■ EXERCISE ■
Return the entries that follow exactly, with no images.

■ DATA TO EXAMINE ■
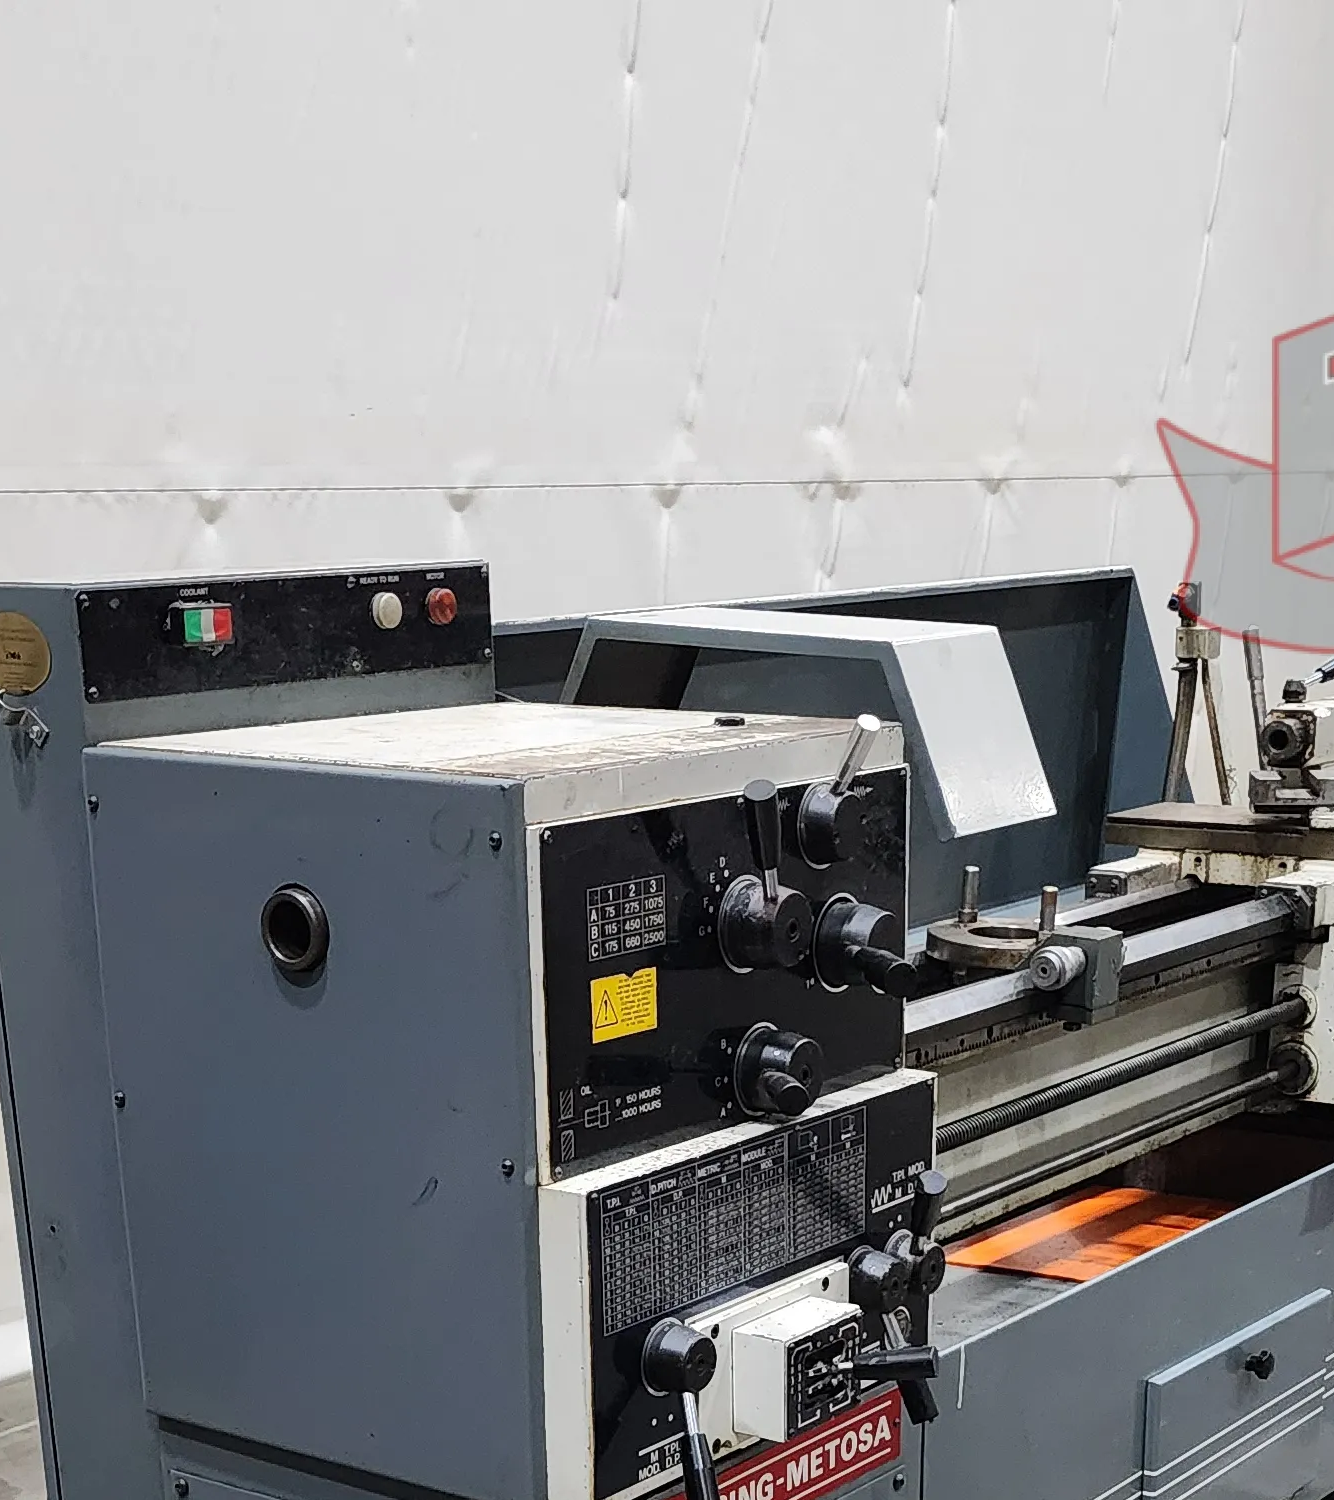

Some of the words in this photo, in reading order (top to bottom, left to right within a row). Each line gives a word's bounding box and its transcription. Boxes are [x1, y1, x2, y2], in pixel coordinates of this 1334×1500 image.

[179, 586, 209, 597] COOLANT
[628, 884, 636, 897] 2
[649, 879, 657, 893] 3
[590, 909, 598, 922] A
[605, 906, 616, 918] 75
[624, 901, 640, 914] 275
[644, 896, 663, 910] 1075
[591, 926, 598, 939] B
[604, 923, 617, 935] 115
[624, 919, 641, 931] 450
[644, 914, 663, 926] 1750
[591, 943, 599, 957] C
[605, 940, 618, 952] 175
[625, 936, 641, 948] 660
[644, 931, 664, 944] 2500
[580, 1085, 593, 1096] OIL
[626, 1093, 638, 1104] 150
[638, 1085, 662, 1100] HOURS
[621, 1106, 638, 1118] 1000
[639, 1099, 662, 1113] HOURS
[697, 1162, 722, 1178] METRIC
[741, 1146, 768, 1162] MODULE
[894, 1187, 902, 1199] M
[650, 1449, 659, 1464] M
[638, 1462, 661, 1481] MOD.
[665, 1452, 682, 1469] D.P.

■ EXERCISE SOLUTION ■
Some of the words in this photo, in reading order (top to bottom, left to right within a row). Each line gives a word's bounding box and its transcription. Boxes are [x1, y1, x2, y2], in pixel coordinates of this 1334×1500 image.

[179, 586, 209, 597] COOLANT
[628, 884, 636, 897] 2
[649, 879, 657, 893] 3
[590, 909, 598, 922] A
[605, 906, 616, 918] 75
[624, 901, 640, 914] 275
[644, 896, 663, 910] 1075
[591, 926, 598, 939] B
[604, 923, 617, 935] 115
[624, 919, 641, 931] 450
[644, 914, 663, 926] 1750
[591, 943, 599, 957] C
[605, 940, 618, 952] 175
[625, 936, 641, 948] 660
[644, 931, 664, 944] 2500
[580, 1085, 593, 1096] OIL
[626, 1093, 638, 1104] 150
[638, 1085, 662, 1100] HOURS
[621, 1106, 638, 1118] 1000
[639, 1099, 662, 1113] HOURS
[697, 1162, 722, 1178] METRIC
[741, 1146, 768, 1162] MODULE
[894, 1187, 902, 1199] M
[650, 1449, 659, 1464] M
[638, 1462, 661, 1481] MOD.
[665, 1452, 682, 1469] D.P.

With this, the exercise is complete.